A listing of all of the unique information about a single transaction, including the buyer.

TransactionId / uuid / The Id of the transaction.
BuyerId / uuid / The id of the buyer.
Date / timestamp / The date this transaction occurred.
Delegate / bytea / The action to perform once the payment has gone through.

TransactionContents

A listing of all the pieces of content within a particular transaction.

TransactionId / uuid / The Id of the transaction.
ContentId / uuid / The content item.
Price / numeric(9, 2) / The price this content was sold for in this transaction.

Backend Files

Access Control

IAccessControl.csAccessControl.cs

Interface and implementation for querying access permissions of Entities upon BackendObjects.

IAccessControlList.csAccessControlList.cs

Interface and implementation to model the set of access permissions upon a single BackendObject.

AccessControlSettingsHelper.cs

Services for changing access permissions upon a BackendObject.

IAccessControlObject.cs

Definition of the interface implemented by BackendObjects which supports access control functionality.

RelationsPermissionCalculator.cs

Service that determines which members (subject and object) of a specific relation type need what permissions in order to conduct various access operations on that relationship.

Backend

IBackend.cs, IBackendInternal.cs, & Backend.cs

IBackend.cs contains the interface provided by the Backend to other modules. IBackendInteral.cs contains extra interface methods available only within the Backend module.

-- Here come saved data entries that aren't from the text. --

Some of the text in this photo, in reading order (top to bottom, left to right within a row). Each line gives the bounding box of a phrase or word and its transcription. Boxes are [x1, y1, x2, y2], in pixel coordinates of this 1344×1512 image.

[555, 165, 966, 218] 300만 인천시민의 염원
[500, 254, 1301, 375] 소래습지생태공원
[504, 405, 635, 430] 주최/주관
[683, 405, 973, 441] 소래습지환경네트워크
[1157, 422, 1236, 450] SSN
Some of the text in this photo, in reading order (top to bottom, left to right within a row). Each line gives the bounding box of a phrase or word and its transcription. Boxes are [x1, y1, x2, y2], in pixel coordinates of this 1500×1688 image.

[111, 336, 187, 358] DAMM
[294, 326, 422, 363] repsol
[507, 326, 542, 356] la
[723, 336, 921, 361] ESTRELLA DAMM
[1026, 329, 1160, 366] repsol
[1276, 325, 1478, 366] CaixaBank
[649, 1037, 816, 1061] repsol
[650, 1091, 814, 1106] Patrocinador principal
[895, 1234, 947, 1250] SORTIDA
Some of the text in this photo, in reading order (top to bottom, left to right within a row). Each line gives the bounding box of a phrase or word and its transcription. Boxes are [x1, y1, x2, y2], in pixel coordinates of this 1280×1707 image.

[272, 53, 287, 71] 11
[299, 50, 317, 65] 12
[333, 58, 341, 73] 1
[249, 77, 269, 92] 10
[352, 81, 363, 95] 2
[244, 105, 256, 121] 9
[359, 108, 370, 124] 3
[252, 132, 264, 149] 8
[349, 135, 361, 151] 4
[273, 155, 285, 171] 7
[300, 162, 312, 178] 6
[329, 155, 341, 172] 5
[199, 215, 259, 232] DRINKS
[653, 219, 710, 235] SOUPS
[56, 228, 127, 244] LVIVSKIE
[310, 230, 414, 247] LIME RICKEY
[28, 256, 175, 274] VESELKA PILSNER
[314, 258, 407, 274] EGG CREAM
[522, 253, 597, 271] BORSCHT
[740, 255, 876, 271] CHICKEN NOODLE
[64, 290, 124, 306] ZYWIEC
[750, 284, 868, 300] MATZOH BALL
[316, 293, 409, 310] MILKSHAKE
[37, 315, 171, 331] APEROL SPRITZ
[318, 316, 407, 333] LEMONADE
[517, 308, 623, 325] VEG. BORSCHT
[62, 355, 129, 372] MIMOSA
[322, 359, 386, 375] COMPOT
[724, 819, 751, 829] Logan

Backend.cs contains the combined implementation of these interfaces.

BackendFactory.cs

Provides a safe access point for other modules to create a Backend object for use.

DatabaseConnection.cs

Provides a generic database interface for other Backend classes, to encapsulate and limit the necessary changes for using different database solutions.

GetBackendObjectVisitor.cs

Visitor that creates an appropriate specific object type from a generic BackendObject.

BackendObject

IBackendObject.csBackendObject.cs

IBackendObject.cs describes the interface used by other modules to interact with generic Backend objects, and BackendObject.cs contains the implementation of Backend objects.

IBackendObjectCollection.cs

Defines a Collection<BackendObject> interface, which is implemented for User and Content collections in their respective sections.

BackendQuery

BackendQuery.cs

Implementation of a model of a Sparql-like search query for data modeled by the Backend module. Other modules build a BackendQuery, and then send it to the Backend for processing.

IQueryValidator.csQueryValidator.cs

Interface and abstract class which provide a standard way to validate and get other information about the various query classes (BackendQuery, Statement, and StatementMember).